Dans le Nocturne N°6 op.63, de 1894, l'une des plus grandes pages du piano de Fauré, Marguerite Long voit « un vaste poème de passion et de rêve ». S'y dessine une manière plus opulente avec un jeu de modulations tout en dégradé. Il s'ouvre par une mélodie lente de caractère rêveur, à laquelle fait suite une section plus abrupte s'acheminant vers un climat expressif. La section centrale est frémissante dans un mouvement d'arpèges mouvants. Le Nocturne N°7 op.74 (1898), avec sa sonorité ample, presque d'orgue, est d'abord sombre et douloureux, auquel fait contraste un second thème rapide et chantant. La partie médiane apporte un nouveau contraste, généreusement arpégée, alliant légèreté et fantaisie.

Après un Huitième Nocturne op.84/8, où domine un sentiment d'improvisation, le Nocturne N°9, op.97, de 1908, inaugure la dernière manière de Fauré, plus complexe et introspective, voisinant avec l'abstraction, jusqu'à sa coda modulante. Et le 10ème, contemporain de la composition de l'opéra Pénélope, montre une grande intensité lyrique dans ses deux thèmes successifs puis une montée majestueuse révélant des accents déchirants. 

Le Onzième Nocturne op.104 est pur exemple de la subtilité du dernier Fauré et de ses audaces harmoniques proches de la dissonance. Compte tenu de sa dédicace à Noémi Lalo, épouse subitement disparue de Pierre Lalo, fils du compositeur Edouard Lalo, on y a vu une élégie poignante. Le 12ème Nocturne op.107 (1915) offre des accents passionnés, plus d'inquiétude que de rêverie, dans ses rafales ascendantes dans une extrême tension harmonique, comme traversée d'éclairs. Enfin le Nocturne N°13, de 1921, dans la tonalité de Si mineur, celle de la Sonate de Liszt ou de la 3ème Sonate de Chopin, déploie une atmosphère comme raréfiée. Après une introduction méditative souverainement modulante, la section centrale est d'une extrême mobilité et d'une puissance inouïe de la part d'un musicien de 76 ans alors atteint de surdité. Un sentiment de mélodie infinie d'une extrême complexité s'en dégage jusqu'à une conclusion comme inexorable, résolution de toute la tension accumulée.
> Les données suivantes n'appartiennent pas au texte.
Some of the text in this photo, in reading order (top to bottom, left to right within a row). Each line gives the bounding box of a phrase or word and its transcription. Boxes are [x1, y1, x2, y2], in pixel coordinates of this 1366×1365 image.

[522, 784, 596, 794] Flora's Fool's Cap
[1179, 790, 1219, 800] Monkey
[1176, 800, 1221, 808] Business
Une page d'adieu au piano.

La manière dont François Dumont s'approprie ces musiques de l'âme est d'une naturelle objectivité, usant d'un spectre sonore cohérent, fuyant l'excès. Ne préserve-t-il pas ce que Marguerite Long revendique d'un genre musical qui « s'accommode d'une grande liberté » et renferme un « impressionnisme de sensation ». Ce que le pianiste conçoit comme fondé sur une triade : « intériorité, liberté lyrique et rigueur polyphonique » s'exprime à travers une palette faite de nuances infinies, de l'impalpable confident à la fermeté tout autant poétique, notamment dans les dernières pièces. Autrement dit une savante combinaison de pudeur élégante et d'exaltation combien maîtrisée. Les sonorités de cette pensée intérieure doivent beaucoup au choix de l'instrument joué, un Gaveau de 1921 : des aigus cristallins et purs, des graves nets et non résonnants et une couleur sonore loin de la brillance.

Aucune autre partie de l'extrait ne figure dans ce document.